Arian tritt den schwersten Gang seines Lebens an:
auf das Blutgerüst.
      
      
      
    Paris, 13. Juli 1793
      
    Die Begeisterung der Massen brandete wie Meeresrauschen in Arians Ohren. Nicht unangenehm , dachte er, sah man einmal davon ab, dass die Leute einen herrenlosen Kopf bejubelten, den der Scharfrichter ihnen präsentierte.
    »Geradeaus sehen!«, blaffte ein Henkersknecht und zog die Hundefängerschlinge fester.

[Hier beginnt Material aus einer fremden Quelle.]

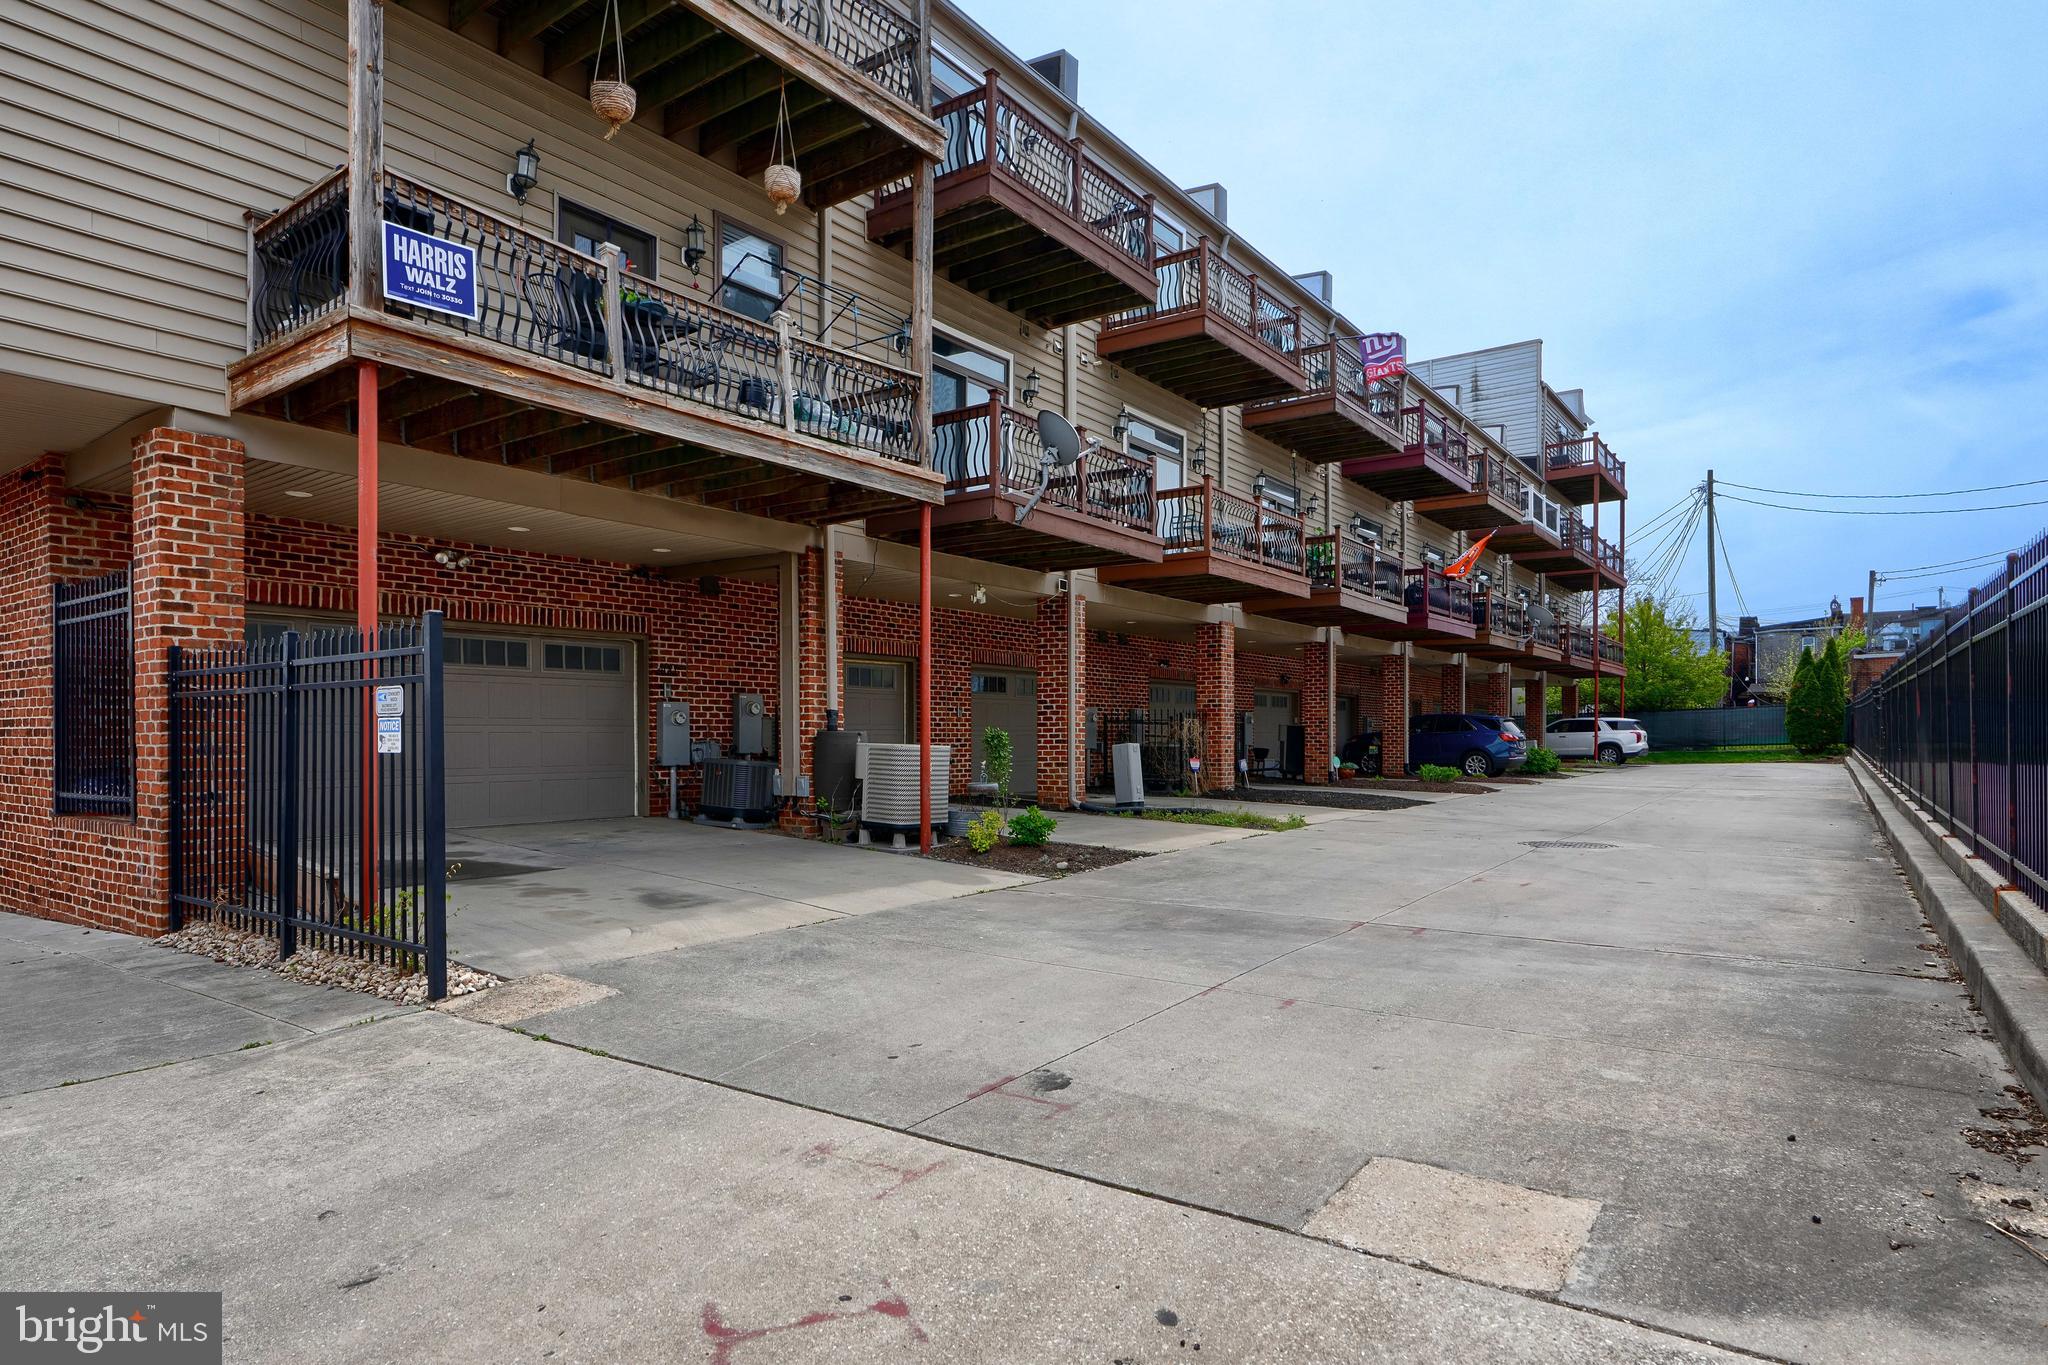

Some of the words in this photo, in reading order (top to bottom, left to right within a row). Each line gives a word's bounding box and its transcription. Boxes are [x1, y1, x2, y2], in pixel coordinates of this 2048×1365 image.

[393, 233, 466, 279] HARRIS
[405, 265, 456, 294] WALZ
[400, 282, 415, 292] Text
[416, 287, 433, 297] JOIN
[441, 294, 463, 305] 30330
[1366, 360, 1405, 378] GIANTS
[380, 720, 400, 732] NOTICE
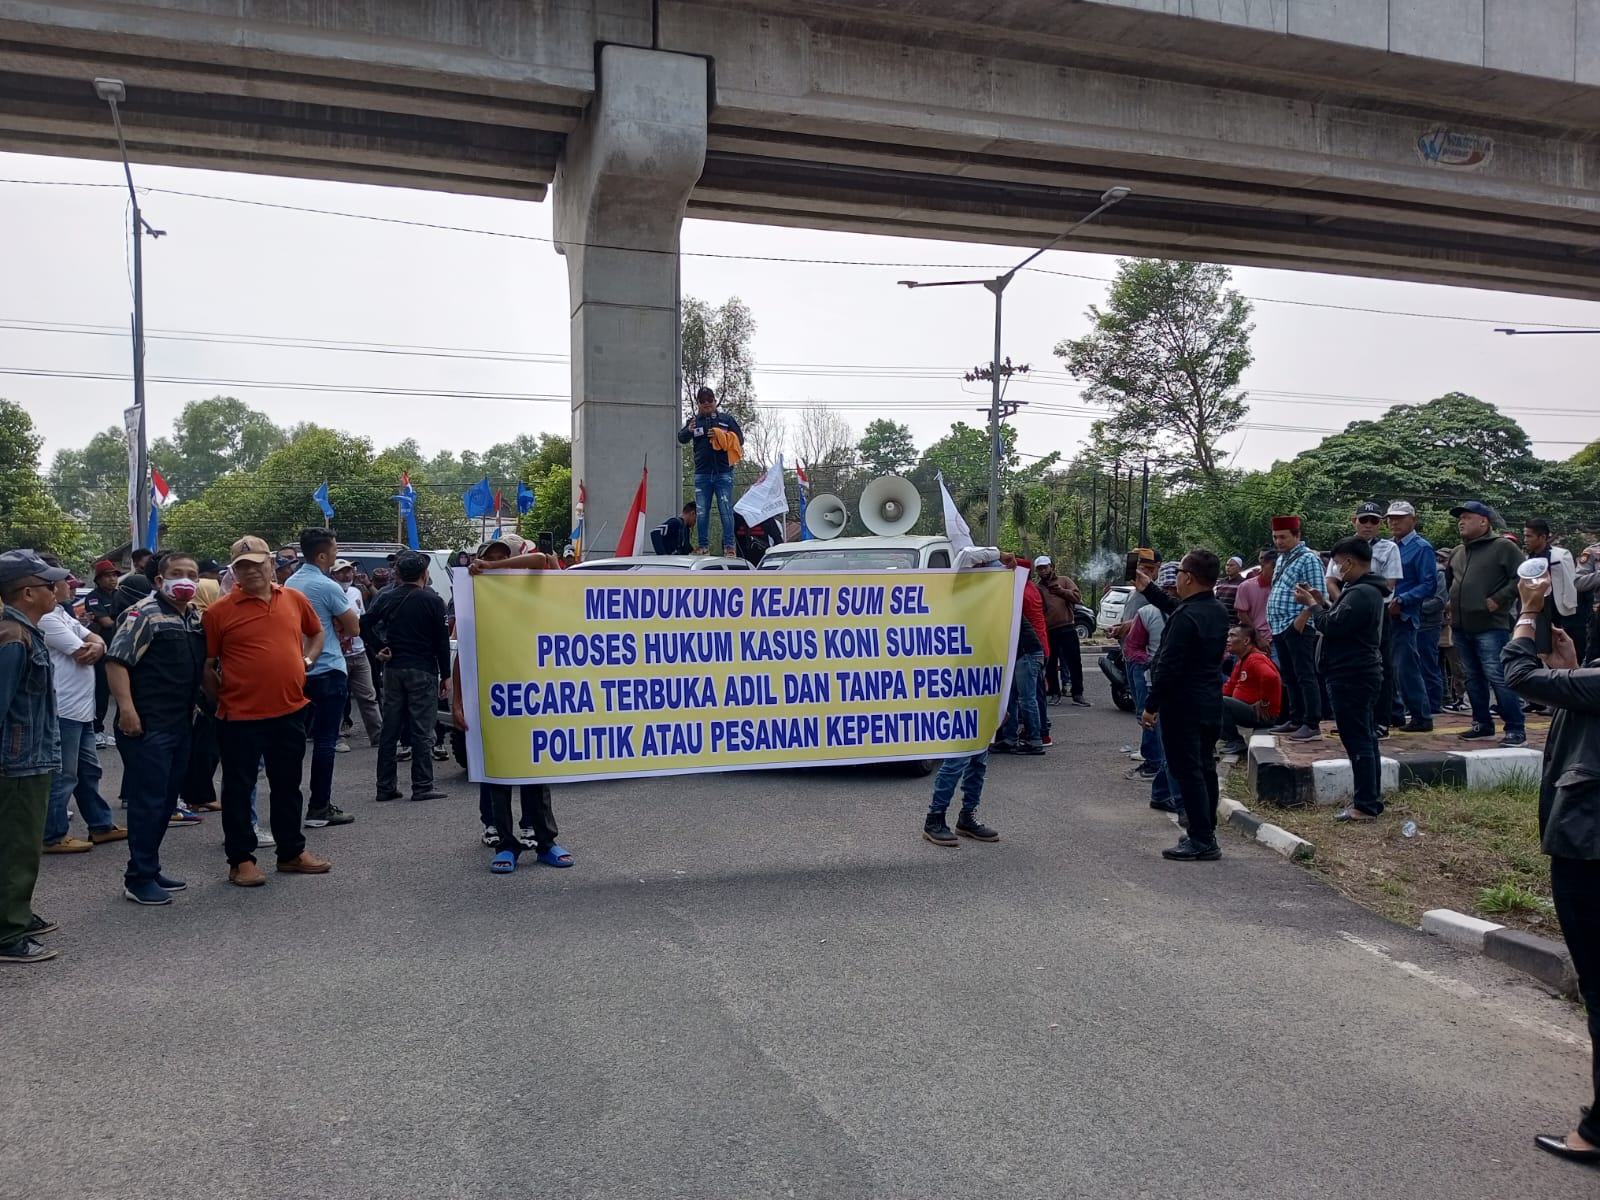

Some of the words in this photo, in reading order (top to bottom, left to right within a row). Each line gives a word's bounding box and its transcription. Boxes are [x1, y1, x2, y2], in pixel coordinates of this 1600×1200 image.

[585, 587, 744, 620] MENDUKUNG
[750, 585, 831, 618] KEJATI
[836, 585, 885, 616] SUM
[889, 585, 930, 615] SEL
[537, 633, 637, 668] PROSES
[644, 630, 733, 665] HUKUM
[739, 629, 818, 662] KASUS
[823, 627, 880, 660] KONI
[885, 625, 973, 657] SUMSEL
[490, 679, 595, 717] SECARA
[599, 676, 718, 712] TERBUKA
[723, 673, 778, 707] ADIL
[783, 672, 830, 704] DAN
[835, 669, 908, 702] TANPA
[913, 665, 1003, 699] PESANAN
[532, 725, 635, 764] POLITIK
[641, 722, 703, 757] ATAU
[710, 716, 819, 753] PESANAN
[826, 708, 978, 747] KEPENTINGAN
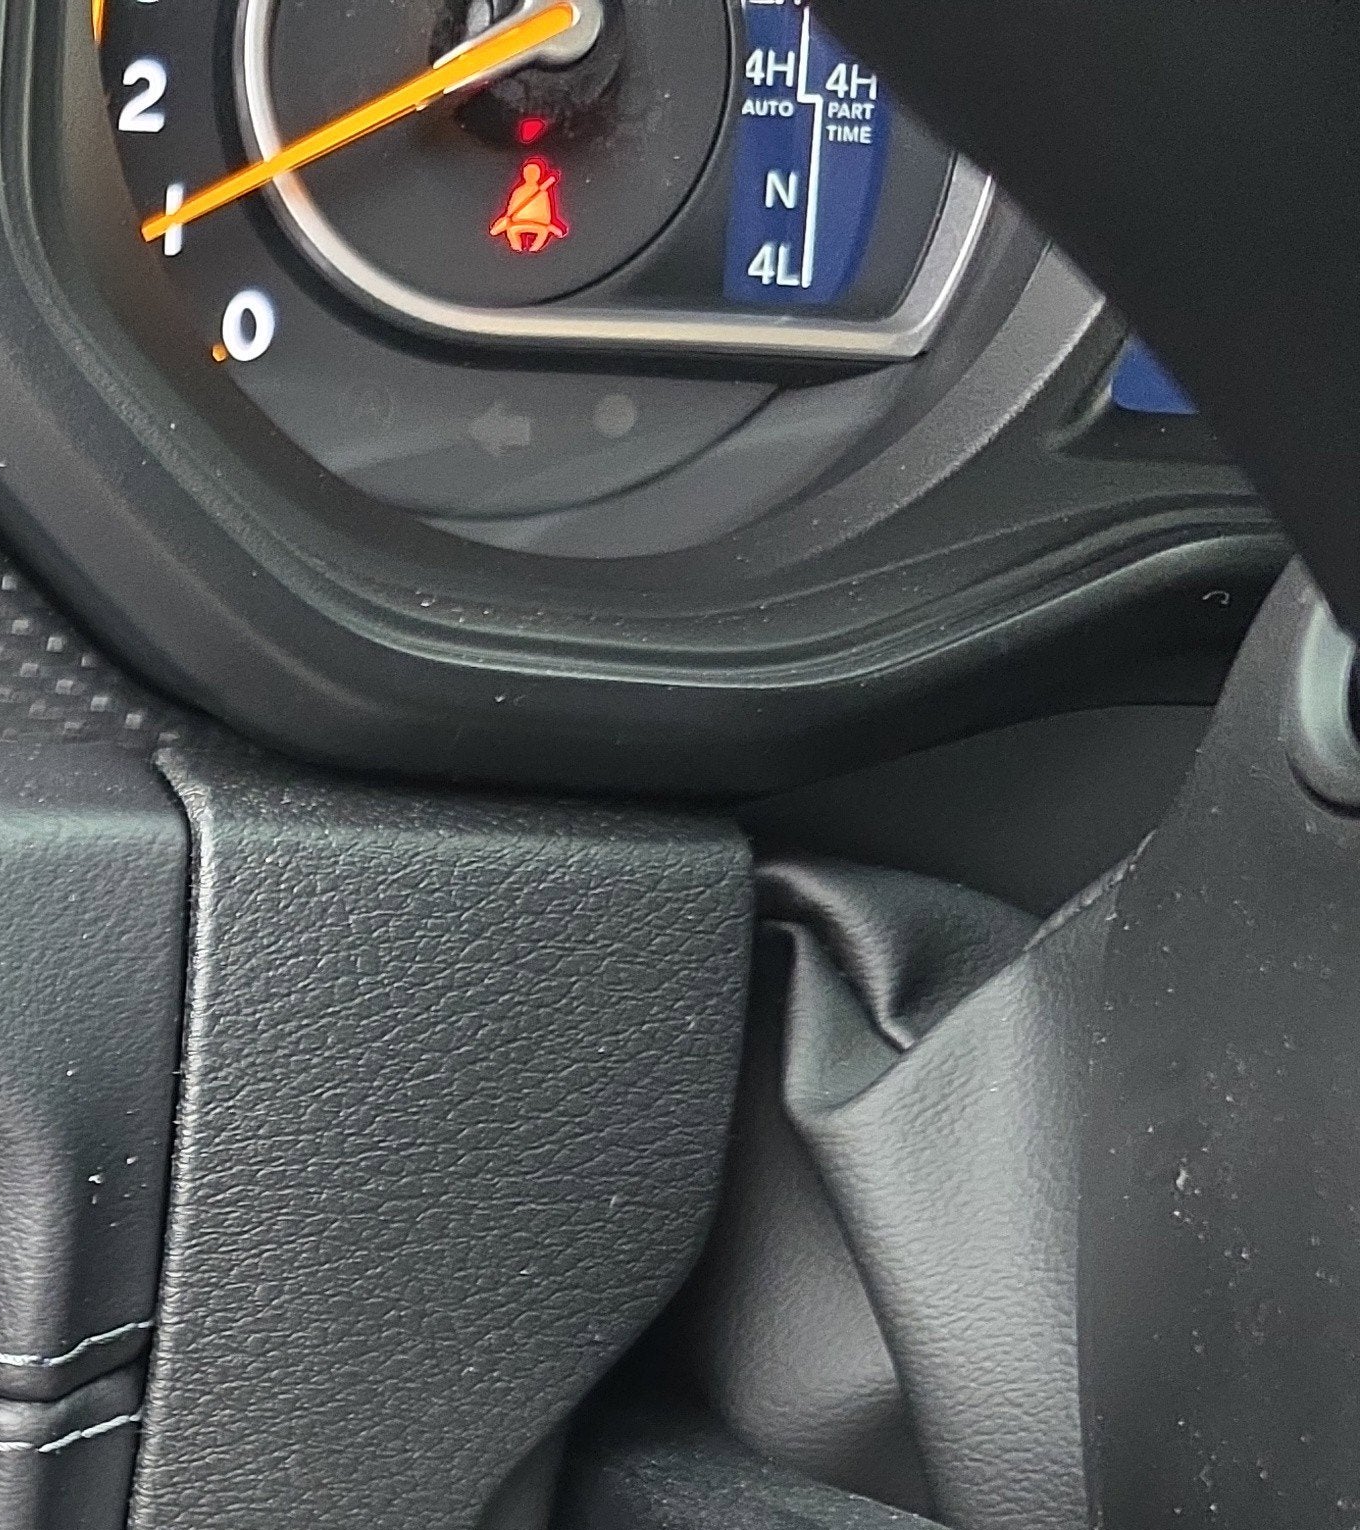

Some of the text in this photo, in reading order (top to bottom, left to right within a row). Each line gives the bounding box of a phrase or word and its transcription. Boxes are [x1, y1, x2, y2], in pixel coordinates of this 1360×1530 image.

[745, 48, 795, 87] 4H
[825, 63, 877, 100] 4H
[118, 58, 167, 133] 2
[741, 99, 795, 117] AUTO
[827, 102, 875, 120] PART
[826, 125, 873, 144] TIME
[765, 170, 798, 209] N
[164, 182, 184, 257] 1
[747, 243, 800, 286] 4L
[222, 288, 275, 362] 0

    Arian rang nach Luft. Allzu gerne hätte er dieser verfluchten Kanaille gezeigt, wozu der Turtleneck in ihm fähig war. Er stand in einer Reihe mit anderen Wartenden. Mit dem Rücken zum Blutgerüst. So sollte vermieden werden, dass die Todgeweihten unnötig beunruhigt wurden. Der Mann neben ihm machte sich trotzdem in die Hose, obwohl er eine rote Nelke im Knopfloch hatte. Unter der Guillotine bewahrten sich nur wenige ihre Unerschrockenheit.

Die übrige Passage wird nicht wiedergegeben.